Error to St. Louis Circuit Court.

This was an action of assumpsit, commenced in the St. Louis Circuit Court in the year 1841. The declaration consisted of six counts, four of which charged the defendant, John B. Camden, as drawer of two bills of exchange, of which the following are copies:

“Exchange for $1,639.35. Philadelphia, 24th October, 1839. Six months after date of this first of exchange, second of the same tenor and date unpaid, pay to the order of Robert Patterson & Co., sixteen hundred and thirty-nine thirty-five hundredths dollars, value received, and charge the same to account of your obedient servants. [Signed] T. T. Leavel & Co., in liquidation. To Messrs.

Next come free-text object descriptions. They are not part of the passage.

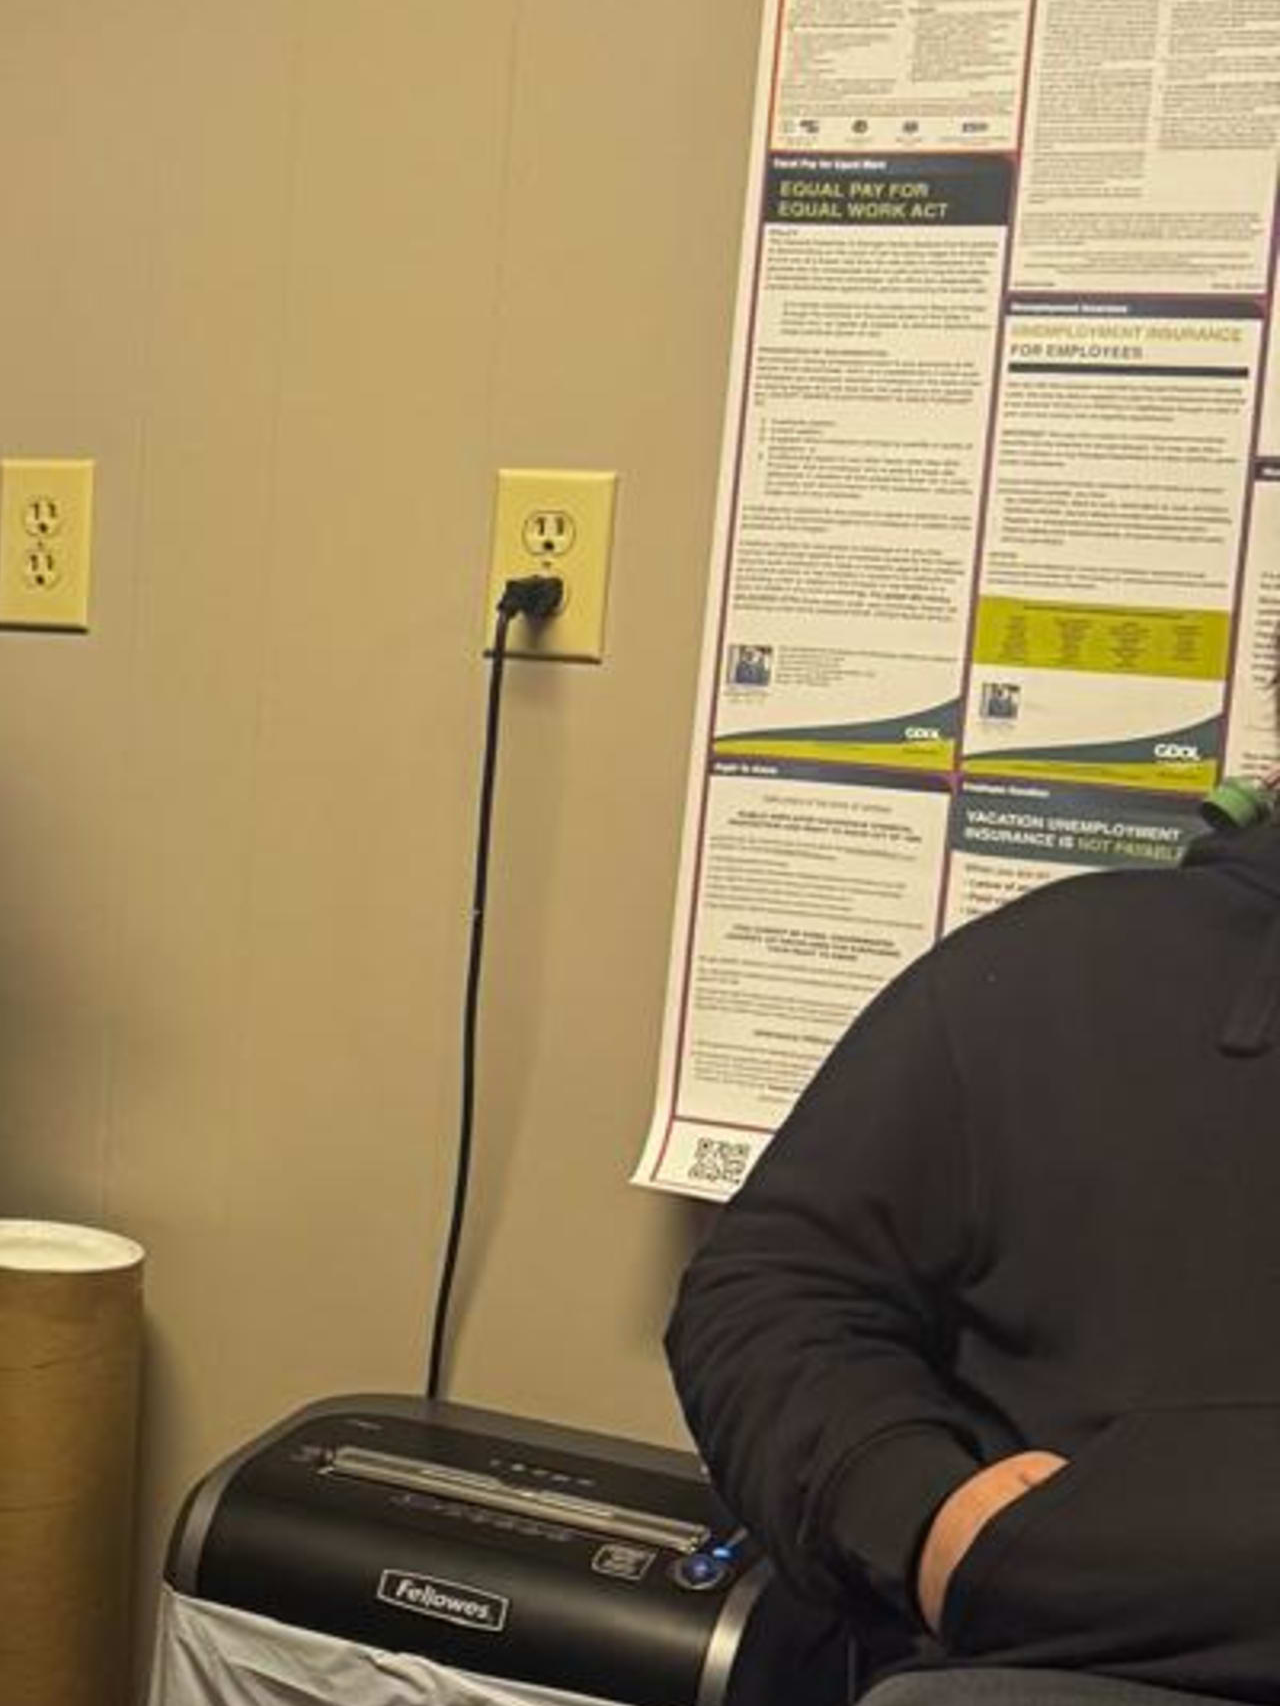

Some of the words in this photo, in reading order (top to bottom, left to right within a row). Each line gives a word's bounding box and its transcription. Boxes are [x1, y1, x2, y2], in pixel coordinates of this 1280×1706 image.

[780, 181, 844, 197] EQUAL
[850, 182, 886, 198] PAY
[889, 183, 929, 198] FOR
[777, 201, 842, 217] EQUAL
[847, 202, 906, 218] WORK
[910, 203, 949, 218] ACT
[1145, 326, 1242, 342] INSURANCE
[1010, 344, 1042, 357] FOR
[1046, 345, 1143, 359] EMPLOYEES
[967, 811, 1043, 828] VACATION
[1047, 819, 1182, 841] UNEMPLOYMENT
[964, 829, 1056, 847] INSURANCE
[1059, 835, 1074, 848] IS
[1077, 836, 1109, 851] NOT
[396, 1579, 489, 1618] Fellowes

T. T. & H. Leavel, New Orleans.”

“Accepted, payable at the counting-house of Buckner, Stanton & Co., New Orleans. [Signed] T. T. & H. Leavel.”

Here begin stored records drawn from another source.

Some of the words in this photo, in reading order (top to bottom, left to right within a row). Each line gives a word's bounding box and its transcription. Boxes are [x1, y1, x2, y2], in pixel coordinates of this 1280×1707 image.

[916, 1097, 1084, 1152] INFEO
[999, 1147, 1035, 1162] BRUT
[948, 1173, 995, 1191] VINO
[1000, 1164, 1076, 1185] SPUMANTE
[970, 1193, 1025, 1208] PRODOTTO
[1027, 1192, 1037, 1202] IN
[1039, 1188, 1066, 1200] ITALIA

“Exchange for $1,706.05. Philadelphia, 28th January, 1840. Thirty-five days after date of this first of exchange, second of the same tenor and date unpaid, pay to the order of Robert Patterson & Co., seventeen hundred and six five-hundredths dollars, value received, and charge the same to account of [Signed] T. T. Leavel & Co., in liquidation. To Messrs. T. T. & H. Leavel, New Orleans.”

“Accepted, payable at the banking-house of Forsyth & Limerick, New Orleans. [[[[[Signed] T. T. & H. Leavel.”

There were also counts for goods sold, money had and received, etc., and upon an account stated. To the first four counts the defendant pleaded the general issue, set-off, and payment; he also pleaded that the sums sought to be recovered were for articles in a store account, and that the cause of action did not accrue within two years before the commencement of the suit.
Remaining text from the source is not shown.